Sobald Papi und Duke sich auf einen Stundenlohn für Emilio geeinigt hatten und alle Papiere unterzeichnet waren, hatte ich ihn hastig aus dem Duchess gelotst, und Papi hatte kein Wort mehr gesagt. Als wir nach Hause kamen, zog ich mir normale Sachen an, und er machte es sich für einen Westernmarathon auf dem Sofa gemütlich. Jetzt brauchte ich Moms Zustimmung für die Motorradpläne, ohne Namen zu nennen. Es war ein paar Jahre her, aber ich war mir ziemlich sicher, dass Vargas in unserem Haus nach wie vor ein Schimpfwort war.

Jedenfalls für diejenigen, die sich daran erinnerten, wofür es stand.

»Mi amor.« Moms Akzent wird stärker, wenn sie aufgeregt oder besorgt ist, und ich drehte mich um, damit ich ihre Lippen sehen konnte, nur für alle Fälle. »Vielleicht solltest du ihm wegen der Reparatur dieses alten Schrotthaufens keine Flausen in den Kopf setzen. Es ist teuer und Papi … für ihn ist es nicht gut, ständig Fremde im Haus zu haben.«

In letzter Zeit hatte sie begonnen, Besucher abzuwimmeln – hauptsächlich Nachbarn, die es gut meinten, und ehemalige Arbeitskollegen – und ihnen zu erzählen, Papi sei müde, beschäfigt, unabkömmlich. Jetzt sprach sie wieder von Fremden im Haus, als hätte ich jeden Tag nonstop Party gemacht, seit ich den Highschoolabschluss in der Tasche hatte. Klar, diese Scrabblerunden konnten ganz schön ausufern. Und an dem einen Tag hatte Pancake sein ganzes Fressen aus der Schüssel katapultiert und überall auf dem Boden verteilt. Einfach ab-ge-fah-ren, mein Leben!

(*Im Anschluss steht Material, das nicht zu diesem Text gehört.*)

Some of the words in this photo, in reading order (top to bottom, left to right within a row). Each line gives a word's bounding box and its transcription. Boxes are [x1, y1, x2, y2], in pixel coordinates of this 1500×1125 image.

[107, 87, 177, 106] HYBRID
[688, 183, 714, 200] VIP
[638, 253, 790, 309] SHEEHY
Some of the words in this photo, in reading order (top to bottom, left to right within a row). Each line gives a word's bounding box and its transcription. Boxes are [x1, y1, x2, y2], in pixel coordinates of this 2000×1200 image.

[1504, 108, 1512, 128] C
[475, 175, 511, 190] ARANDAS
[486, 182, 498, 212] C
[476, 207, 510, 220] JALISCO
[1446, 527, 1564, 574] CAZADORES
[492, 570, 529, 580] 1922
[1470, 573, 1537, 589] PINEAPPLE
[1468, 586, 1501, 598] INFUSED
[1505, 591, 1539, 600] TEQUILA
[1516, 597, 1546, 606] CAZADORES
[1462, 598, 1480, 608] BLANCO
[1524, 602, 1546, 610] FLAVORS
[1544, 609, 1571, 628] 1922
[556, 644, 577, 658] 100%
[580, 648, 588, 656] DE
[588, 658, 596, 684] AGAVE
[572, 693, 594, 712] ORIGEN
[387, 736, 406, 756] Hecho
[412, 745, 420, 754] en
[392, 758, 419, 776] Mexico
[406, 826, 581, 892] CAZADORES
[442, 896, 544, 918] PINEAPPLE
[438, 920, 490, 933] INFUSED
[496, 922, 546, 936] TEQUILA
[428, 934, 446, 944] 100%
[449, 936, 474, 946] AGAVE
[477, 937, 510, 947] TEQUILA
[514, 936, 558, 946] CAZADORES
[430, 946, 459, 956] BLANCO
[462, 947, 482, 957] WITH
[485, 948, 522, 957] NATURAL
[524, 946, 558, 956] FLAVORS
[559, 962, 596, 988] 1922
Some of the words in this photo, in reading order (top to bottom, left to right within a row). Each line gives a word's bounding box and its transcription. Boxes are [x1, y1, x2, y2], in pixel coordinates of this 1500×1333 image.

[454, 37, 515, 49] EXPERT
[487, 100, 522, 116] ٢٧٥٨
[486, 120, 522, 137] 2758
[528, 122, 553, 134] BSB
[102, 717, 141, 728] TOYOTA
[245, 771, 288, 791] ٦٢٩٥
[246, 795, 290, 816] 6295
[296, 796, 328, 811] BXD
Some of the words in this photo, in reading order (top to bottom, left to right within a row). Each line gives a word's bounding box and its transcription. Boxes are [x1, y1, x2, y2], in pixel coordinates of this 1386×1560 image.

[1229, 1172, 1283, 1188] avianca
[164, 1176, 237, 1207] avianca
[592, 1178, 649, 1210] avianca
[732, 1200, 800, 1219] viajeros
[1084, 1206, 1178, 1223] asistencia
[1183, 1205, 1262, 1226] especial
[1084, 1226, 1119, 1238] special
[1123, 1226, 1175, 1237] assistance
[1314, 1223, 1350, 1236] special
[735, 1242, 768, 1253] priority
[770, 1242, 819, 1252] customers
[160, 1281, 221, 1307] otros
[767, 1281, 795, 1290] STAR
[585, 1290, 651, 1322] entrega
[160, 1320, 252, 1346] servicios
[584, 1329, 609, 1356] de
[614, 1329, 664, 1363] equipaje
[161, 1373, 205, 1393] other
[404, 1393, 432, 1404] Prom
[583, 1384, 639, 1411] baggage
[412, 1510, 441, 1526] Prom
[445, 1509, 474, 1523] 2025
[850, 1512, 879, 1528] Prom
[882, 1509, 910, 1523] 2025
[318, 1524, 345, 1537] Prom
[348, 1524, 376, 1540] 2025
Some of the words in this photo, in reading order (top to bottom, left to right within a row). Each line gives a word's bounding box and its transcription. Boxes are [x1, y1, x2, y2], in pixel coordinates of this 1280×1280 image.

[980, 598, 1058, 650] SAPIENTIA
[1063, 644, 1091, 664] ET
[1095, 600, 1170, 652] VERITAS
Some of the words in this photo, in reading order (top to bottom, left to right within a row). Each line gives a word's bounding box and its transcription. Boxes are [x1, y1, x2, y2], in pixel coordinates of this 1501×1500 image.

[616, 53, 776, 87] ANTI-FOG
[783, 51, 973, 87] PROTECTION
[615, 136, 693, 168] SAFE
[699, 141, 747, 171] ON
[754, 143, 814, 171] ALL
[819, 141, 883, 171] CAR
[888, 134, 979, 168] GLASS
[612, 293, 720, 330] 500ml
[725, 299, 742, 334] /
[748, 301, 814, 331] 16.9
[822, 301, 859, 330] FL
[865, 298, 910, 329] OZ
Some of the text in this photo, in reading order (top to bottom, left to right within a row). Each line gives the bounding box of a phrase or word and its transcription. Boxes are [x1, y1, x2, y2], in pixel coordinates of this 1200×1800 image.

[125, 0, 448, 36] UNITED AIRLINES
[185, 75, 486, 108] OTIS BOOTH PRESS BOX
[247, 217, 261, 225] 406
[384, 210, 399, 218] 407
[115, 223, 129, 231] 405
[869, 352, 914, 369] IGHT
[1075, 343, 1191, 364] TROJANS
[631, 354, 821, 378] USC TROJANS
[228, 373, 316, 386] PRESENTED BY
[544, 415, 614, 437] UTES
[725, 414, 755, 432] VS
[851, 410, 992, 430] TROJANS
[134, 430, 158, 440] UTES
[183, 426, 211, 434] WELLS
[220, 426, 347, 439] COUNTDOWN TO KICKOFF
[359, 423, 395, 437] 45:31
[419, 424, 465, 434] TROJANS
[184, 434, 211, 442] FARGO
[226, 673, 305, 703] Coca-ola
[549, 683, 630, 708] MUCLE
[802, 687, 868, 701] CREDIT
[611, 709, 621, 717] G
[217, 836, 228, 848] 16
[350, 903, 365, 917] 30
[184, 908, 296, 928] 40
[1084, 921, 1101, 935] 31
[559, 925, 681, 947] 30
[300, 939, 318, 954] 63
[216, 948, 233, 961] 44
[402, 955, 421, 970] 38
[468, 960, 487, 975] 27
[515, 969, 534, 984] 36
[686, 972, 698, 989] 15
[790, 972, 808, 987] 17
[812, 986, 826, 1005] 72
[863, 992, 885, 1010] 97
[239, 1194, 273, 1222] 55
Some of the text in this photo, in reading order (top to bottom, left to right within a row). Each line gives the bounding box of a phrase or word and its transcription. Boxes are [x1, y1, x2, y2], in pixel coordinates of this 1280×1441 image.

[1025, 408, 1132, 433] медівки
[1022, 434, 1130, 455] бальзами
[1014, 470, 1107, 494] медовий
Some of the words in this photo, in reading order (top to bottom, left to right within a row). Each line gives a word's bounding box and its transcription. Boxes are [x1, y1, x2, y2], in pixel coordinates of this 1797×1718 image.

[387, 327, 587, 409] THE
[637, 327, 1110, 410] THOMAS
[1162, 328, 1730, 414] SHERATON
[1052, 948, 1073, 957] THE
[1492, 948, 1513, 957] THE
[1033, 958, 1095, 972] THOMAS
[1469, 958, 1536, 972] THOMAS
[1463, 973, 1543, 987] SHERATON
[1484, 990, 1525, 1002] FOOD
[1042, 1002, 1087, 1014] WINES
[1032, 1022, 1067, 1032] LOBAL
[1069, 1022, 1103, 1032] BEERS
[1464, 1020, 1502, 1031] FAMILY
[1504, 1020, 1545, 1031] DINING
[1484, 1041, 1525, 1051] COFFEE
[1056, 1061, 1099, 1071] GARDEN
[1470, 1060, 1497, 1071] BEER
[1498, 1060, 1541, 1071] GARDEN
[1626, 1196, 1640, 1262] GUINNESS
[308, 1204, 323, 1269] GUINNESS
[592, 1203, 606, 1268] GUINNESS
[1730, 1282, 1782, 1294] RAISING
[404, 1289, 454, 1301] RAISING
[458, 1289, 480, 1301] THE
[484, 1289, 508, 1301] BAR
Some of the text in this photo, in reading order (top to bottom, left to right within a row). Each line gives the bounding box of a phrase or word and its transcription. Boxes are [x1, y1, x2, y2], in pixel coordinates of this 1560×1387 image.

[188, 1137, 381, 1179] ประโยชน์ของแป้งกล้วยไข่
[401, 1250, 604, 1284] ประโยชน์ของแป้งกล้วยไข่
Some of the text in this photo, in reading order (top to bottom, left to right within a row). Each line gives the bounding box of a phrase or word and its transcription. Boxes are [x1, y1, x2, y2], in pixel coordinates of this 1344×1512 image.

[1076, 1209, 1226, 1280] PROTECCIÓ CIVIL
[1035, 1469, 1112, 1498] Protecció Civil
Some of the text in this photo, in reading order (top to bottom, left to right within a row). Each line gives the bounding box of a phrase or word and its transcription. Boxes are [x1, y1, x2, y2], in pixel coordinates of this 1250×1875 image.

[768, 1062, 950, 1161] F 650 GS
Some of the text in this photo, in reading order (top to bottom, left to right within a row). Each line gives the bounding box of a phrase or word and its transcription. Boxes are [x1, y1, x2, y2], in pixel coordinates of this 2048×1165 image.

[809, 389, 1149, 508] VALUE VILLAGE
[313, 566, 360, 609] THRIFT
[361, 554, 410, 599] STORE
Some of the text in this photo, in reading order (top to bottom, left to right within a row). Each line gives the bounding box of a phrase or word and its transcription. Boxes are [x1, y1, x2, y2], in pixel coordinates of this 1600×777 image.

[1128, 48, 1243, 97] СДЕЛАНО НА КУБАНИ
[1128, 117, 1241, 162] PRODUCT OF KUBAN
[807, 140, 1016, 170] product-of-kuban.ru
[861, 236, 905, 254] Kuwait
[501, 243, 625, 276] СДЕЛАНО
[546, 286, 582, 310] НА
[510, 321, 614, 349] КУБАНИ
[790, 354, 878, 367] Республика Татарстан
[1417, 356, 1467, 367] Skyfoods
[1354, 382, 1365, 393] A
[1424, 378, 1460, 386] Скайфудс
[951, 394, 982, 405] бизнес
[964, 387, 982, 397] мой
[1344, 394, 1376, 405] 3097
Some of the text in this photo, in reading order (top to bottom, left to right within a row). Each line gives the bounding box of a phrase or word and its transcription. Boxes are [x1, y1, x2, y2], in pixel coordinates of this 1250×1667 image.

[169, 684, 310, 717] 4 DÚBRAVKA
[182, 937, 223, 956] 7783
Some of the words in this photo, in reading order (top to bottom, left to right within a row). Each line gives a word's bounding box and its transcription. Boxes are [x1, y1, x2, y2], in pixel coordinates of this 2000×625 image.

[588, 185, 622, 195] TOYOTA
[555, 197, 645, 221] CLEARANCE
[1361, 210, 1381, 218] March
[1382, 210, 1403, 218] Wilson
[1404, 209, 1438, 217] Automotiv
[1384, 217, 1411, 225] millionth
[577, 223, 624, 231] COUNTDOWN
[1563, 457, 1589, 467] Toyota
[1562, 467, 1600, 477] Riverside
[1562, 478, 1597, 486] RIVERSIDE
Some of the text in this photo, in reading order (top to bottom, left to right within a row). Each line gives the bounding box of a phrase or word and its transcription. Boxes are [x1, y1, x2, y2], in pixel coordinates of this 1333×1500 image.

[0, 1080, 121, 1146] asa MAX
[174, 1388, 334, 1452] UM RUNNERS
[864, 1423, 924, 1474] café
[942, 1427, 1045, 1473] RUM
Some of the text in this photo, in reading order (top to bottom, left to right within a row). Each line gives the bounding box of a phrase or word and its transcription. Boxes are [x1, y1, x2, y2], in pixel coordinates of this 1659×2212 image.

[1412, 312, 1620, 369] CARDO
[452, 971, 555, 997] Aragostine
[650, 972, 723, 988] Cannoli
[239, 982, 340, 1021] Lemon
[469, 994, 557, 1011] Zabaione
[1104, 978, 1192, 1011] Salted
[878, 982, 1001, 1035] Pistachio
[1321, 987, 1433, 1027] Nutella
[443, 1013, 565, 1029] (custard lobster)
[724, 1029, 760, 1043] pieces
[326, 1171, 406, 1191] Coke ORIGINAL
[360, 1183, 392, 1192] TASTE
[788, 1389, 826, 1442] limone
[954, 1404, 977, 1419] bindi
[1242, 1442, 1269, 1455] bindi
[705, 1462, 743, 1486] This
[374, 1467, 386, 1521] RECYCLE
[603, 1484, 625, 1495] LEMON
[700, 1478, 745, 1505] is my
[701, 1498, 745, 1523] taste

»Mach dir mal keine Gedanken deswegen«, sagte ich, den Blick wieder auf die Spüle gerichtet. Runterdrücken um Wasser abzustellen, wenn fertig. Die ganze Angelegenheit bereitete auch mir Bauchschmerzen, nur nicht aus denselben Gründen. Und dennoch, hier ging es nicht um irgendwelche Fremde, und es ging auch nicht um einen alten Schwur und einen Jungen, der seine Seele dem Teufel verkauft hatte. Es ging darum, für Papi da zu sein. »Ich behalte die Dinge im Auge. Und Papi freut sich total, an der Harley zu schrauben – so haben wir diesen Sommer noch was anderes zu tun als angeln.«

»Hm.« Mom seufzte und hob die Pfanne an, wendete das Gemüse mit einem perfekten Schwung aus dem Handgelenk. Während alles noch dampfte, löffelte sie die Mischung auf Teigkreise und faltete jeden fachmännisch zusammen. Dann verschloss sie die Ränder mit den Zinken einer Gabel. Ich fand es schlimm, dass sie so viel arbeitete, nur um dann nach Hause zu kommen und zu kochen, aber das war ihr Ding. Darauf bestand sie. Es war ihr Anker, der sie mit der Normalität verband. Früher hatte Papi immer behauptet, er habe sich zuerst in ihre Kochkünste verliebt und dann in ihre Seele, und vielleicht war das der Grund, warum sie nach wie vor kochte. Ich setzte meine Hoffnungen auf das Motorrad, aber vielleicht dachte Mom, die Form ihrer empanadas würde seiner Erinnerung auf die Sprünge helfen; dass ihr halbmondförmiger Anblick ihn zurückbringen würde.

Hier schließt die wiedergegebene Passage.